Is neoliberalism dead? A new political economy developing apace in the western world will tell us what to expect in this field and whether we can indeed now start to say goodbye to this failing system which has dominated the globe since the early 1970s. We need contributions to the critique of political economy today as much as Karl Marx did in his day. ‘A critique of political economy’ was the subtitle of Marx’s three volume timely masterpiece Capital, first published in the mid-nineteenth century. One of the most important inheritors of Marx’s legacy is Marx’s countryman Sociology Professor Wolfgang Streeck. Streeck’s recent books Buying Time: The Delayed Crisis of Democratic Capitalism and How Will Capitalism End? Essays on a Failing System are brilliant and analytically forensic and make a lot of sense in our current post-crash condition. The delayed crisis and the failing system are crucial terms for us in our present political and economic dilemmas. But the end of neoliberalism has been predicted before and as Colin Crouch argued in his book The Strange Non-Death of Neoliberalism rumours of its demise have been premature. Streeck is very good on the global financial crisis of 2007 and 2008 which he labels The Great Recession. It is a useful reminder that the rise of the right that we are now experiencing across the globe was fuelled by the global financial crisis a decade ago.

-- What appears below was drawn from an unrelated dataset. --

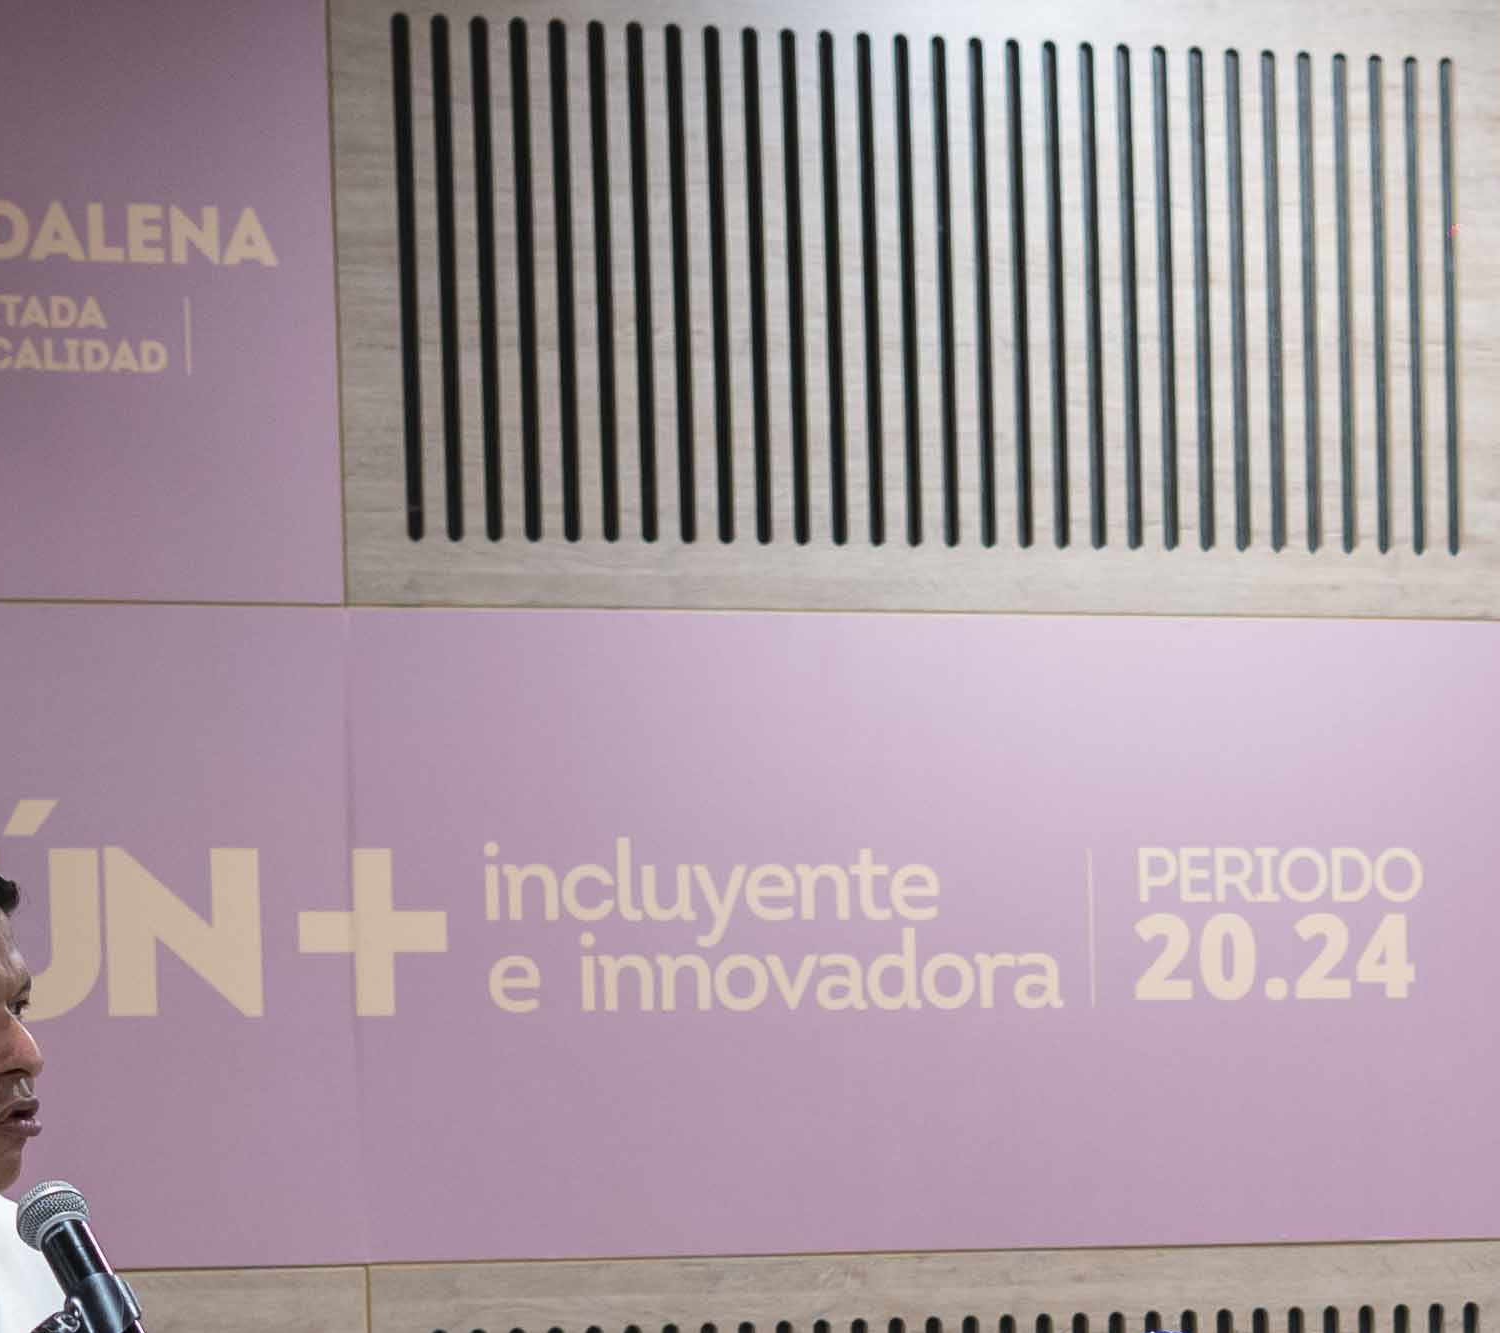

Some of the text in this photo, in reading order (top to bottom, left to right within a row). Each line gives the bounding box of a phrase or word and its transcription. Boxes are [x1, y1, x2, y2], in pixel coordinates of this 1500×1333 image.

The rise of the right globally has masked two parallel processes. These two processes are linked to political ideologies. They are on the one hand neoliberalism and globalisation and on the other economic nationalism and protectionism. The populist argument over the recent period (Trump in the USA, Brexit in the UK, Marine Le Pen in France, Pauline Hanson in Australia) has been rhetorically in favour of the second process and ideology. The neoliberals and globalists are represented by politicians like Emmanuel Macron and Justin Trudeau. The neoliberals and globalists (Angela Merkel, Malcolm Turnbull) now have swung, rhetorically, towards the centre and promised what used to be seen as social democratic programmes which help their populations survive the current dark times and continuing effects of the 2007 and 2008 global financial crisis. Theresa May, for instance, sounded like Friedrich Engels at the start of her role as Prime Minister a year ago such was her supposed ‘commitment’ to social justice. Donald Trump and others who got elected on the neo-right populist manifesto have a foot in both camps. May as an opportunist Conservative leader of a minority Tory government is now in a similar position after her failed snap election in 2017. After all Slavoj Zizek called Trump merely a centrist liberal after he got elected.

This division on the right between neoliberals and protectionists has complex refractions. As Anthony Barnett’s stimulating book Blimey, It Could Be Brexit, written as the Brexit referendum was unfolding and published online at the time, clearly demonstrated Brexit (a referendum called by Cameron to neutralise opposition within the Tory party) essentially involved an argument between the ‘Blairite’ Tories (Cameron, Osborne, now ousted from power) and the ‘Powellite’ Tories (Johnson and Gove, now both strongly positioned in the minority May cabinet). May straddled the two positions, opportunistically taking the PM post after Brexit without any opposition in the end. The two processes and ideologies are actually arguments, clearly, within the right – neoliberalism v protectionism. The left needs to develop an argument completely separate from these two poles within the right. Wolfgang Streeck in a new article called The Return of the Repressed, published in New Left Review 104, 2017, has captured this development better than anyone else. He argues that the battle between neoliberals and protectionists globally is set to last many years with great international uncertainty and danger to follow. A ‘dangerous modernity’ indeed, as I have christened it. Streeck calls it an interregnum, borrowing the term from the Italian theorist Antonio Gramsci. The damage done by this division within the right is much more than just a delayed governmental process in the UK. It is a global problem for the foreseeable future.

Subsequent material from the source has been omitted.